> _WHAT TO DO_
Please write back every entry exactly, character for character.

> _SOURCE RECORDS_
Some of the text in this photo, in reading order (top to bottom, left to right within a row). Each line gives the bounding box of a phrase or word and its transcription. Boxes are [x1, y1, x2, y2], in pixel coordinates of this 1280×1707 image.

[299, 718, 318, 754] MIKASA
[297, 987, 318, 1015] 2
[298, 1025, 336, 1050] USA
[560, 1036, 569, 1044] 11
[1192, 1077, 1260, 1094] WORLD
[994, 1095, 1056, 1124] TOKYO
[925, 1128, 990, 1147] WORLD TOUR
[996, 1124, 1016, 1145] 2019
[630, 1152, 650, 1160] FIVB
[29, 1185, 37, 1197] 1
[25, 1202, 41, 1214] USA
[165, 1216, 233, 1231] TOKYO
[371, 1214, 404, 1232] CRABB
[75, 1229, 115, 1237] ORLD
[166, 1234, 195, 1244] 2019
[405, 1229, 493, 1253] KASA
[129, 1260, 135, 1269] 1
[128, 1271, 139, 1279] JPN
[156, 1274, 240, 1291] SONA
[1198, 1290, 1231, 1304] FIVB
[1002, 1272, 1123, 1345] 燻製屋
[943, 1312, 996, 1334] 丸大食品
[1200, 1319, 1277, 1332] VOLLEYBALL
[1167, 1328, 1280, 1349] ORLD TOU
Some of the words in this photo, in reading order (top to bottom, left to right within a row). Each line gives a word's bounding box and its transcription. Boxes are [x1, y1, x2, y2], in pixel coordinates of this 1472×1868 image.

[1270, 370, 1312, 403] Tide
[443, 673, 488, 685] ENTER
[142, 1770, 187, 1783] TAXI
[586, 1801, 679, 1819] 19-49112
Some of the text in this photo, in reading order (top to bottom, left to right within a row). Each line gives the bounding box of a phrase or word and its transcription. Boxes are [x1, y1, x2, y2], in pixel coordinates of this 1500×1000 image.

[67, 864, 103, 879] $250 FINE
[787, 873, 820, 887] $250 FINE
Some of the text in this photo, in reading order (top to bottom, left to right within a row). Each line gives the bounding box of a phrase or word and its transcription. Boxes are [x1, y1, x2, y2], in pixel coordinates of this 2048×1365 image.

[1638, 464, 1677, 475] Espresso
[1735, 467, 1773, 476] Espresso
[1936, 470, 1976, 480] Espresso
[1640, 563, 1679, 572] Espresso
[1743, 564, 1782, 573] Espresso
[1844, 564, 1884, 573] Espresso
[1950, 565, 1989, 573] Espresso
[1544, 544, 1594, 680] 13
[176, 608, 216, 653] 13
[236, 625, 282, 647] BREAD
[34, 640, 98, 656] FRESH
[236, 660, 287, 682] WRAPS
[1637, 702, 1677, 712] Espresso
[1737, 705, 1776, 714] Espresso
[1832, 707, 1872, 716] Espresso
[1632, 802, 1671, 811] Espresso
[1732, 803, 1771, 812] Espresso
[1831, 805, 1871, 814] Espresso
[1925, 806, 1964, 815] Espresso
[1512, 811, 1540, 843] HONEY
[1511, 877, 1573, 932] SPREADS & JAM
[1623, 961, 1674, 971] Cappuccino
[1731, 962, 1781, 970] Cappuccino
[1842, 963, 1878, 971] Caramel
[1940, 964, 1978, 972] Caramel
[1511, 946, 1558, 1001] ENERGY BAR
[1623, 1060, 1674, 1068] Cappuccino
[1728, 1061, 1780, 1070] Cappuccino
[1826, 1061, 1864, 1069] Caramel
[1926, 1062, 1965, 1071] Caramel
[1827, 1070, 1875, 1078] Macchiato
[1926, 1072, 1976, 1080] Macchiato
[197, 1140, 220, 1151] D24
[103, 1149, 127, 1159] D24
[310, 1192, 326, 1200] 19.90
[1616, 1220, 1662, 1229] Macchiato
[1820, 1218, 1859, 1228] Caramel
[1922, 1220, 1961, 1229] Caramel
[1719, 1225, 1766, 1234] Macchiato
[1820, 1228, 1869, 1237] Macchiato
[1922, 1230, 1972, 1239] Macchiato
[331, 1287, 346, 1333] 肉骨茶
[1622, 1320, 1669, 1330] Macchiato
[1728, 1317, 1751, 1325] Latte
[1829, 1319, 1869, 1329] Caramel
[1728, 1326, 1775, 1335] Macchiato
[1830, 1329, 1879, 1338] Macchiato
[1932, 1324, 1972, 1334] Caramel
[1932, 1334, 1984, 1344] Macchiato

> _EXPECTED OUTPUT_
Some of the text in this photo, in reading order (top to bottom, left to right within a row). Each line gives the bounding box of a phrase or word and its transcription. Boxes are [x1, y1, x2, y2], in pixel coordinates of this 1280×1707 image.

[299, 718, 318, 754] MIKASA
[297, 987, 318, 1015] 2
[298, 1025, 336, 1050] USA
[560, 1036, 569, 1044] 11
[1192, 1077, 1260, 1094] WORLD
[994, 1095, 1056, 1124] TOKYO
[925, 1128, 990, 1147] WORLD TOUR
[996, 1124, 1016, 1145] 2019
[630, 1152, 650, 1160] FIVB
[29, 1185, 37, 1197] 1
[25, 1202, 41, 1214] USA
[165, 1216, 233, 1231] TOKYO
[371, 1214, 404, 1232] CRABB
[75, 1229, 115, 1237] ORLD
[166, 1234, 195, 1244] 2019
[405, 1229, 493, 1253] KASA
[129, 1260, 135, 1269] 1
[128, 1271, 139, 1279] JPN
[156, 1274, 240, 1291] SONA
[1198, 1290, 1231, 1304] FIVB
[1002, 1272, 1123, 1345] 燻製屋
[943, 1312, 996, 1334] 丸大食品
[1200, 1319, 1277, 1332] VOLLEYBALL
[1167, 1328, 1280, 1349] ORLD TOU
Some of the words in this photo, in reading order (top to bottom, left to right within a row). Each line gives a word's bounding box and its transcription. Boxes are [x1, y1, x2, y2], in pixel coordinates of this 1472×1868 image.

[1270, 370, 1312, 403] Tide
[443, 673, 488, 685] ENTER
[142, 1770, 187, 1783] TAXI
[586, 1801, 679, 1819] 19-49112
Some of the text in this photo, in reading order (top to bottom, left to right within a row). Each line gives the bounding box of a phrase or word and its transcription. Boxes are [x1, y1, x2, y2], in pixel coordinates of this 1500×1000 image.

[67, 864, 103, 879] $250 FINE
[787, 873, 820, 887] $250 FINE
Some of the text in this photo, in reading order (top to bottom, left to right within a row). Each line gives the bounding box of a phrase or word and its transcription. Boxes are [x1, y1, x2, y2], in pixel coordinates of this 2048×1365 image.

[1638, 464, 1677, 475] Espresso
[1735, 467, 1773, 476] Espresso
[1936, 470, 1976, 480] Espresso
[1640, 563, 1679, 572] Espresso
[1743, 564, 1782, 573] Espresso
[1844, 564, 1884, 573] Espresso
[1950, 565, 1989, 573] Espresso
[1544, 544, 1594, 680] 13
[176, 608, 216, 653] 13
[236, 625, 282, 647] BREAD
[34, 640, 98, 656] FRESH
[236, 660, 287, 682] WRAPS
[1637, 702, 1677, 712] Espresso
[1737, 705, 1776, 714] Espresso
[1832, 707, 1872, 716] Espresso
[1632, 802, 1671, 811] Espresso
[1732, 803, 1771, 812] Espresso
[1831, 805, 1871, 814] Espresso
[1925, 806, 1964, 815] Espresso
[1512, 811, 1540, 843] HONEY
[1511, 877, 1573, 932] SPREADS & JAM
[1623, 961, 1674, 971] Cappuccino
[1731, 962, 1781, 970] Cappuccino
[1842, 963, 1878, 971] Caramel
[1940, 964, 1978, 972] Caramel
[1511, 946, 1558, 1001] ENERGY BAR
[1623, 1060, 1674, 1068] Cappuccino
[1728, 1061, 1780, 1070] Cappuccino
[1826, 1061, 1864, 1069] Caramel
[1926, 1062, 1965, 1071] Caramel
[1827, 1070, 1875, 1078] Macchiato
[1926, 1072, 1976, 1080] Macchiato
[197, 1140, 220, 1151] D24
[103, 1149, 127, 1159] D24
[310, 1192, 326, 1200] 19.90
[1616, 1220, 1662, 1229] Macchiato
[1820, 1218, 1859, 1228] Caramel
[1922, 1220, 1961, 1229] Caramel
[1719, 1225, 1766, 1234] Macchiato
[1820, 1228, 1869, 1237] Macchiato
[1922, 1230, 1972, 1239] Macchiato
[331, 1287, 346, 1333] 肉骨茶
[1622, 1320, 1669, 1330] Macchiato
[1728, 1317, 1751, 1325] Latte
[1829, 1319, 1869, 1329] Caramel
[1728, 1326, 1775, 1335] Macchiato
[1830, 1329, 1879, 1338] Macchiato
[1932, 1324, 1972, 1334] Caramel
[1932, 1334, 1984, 1344] Macchiato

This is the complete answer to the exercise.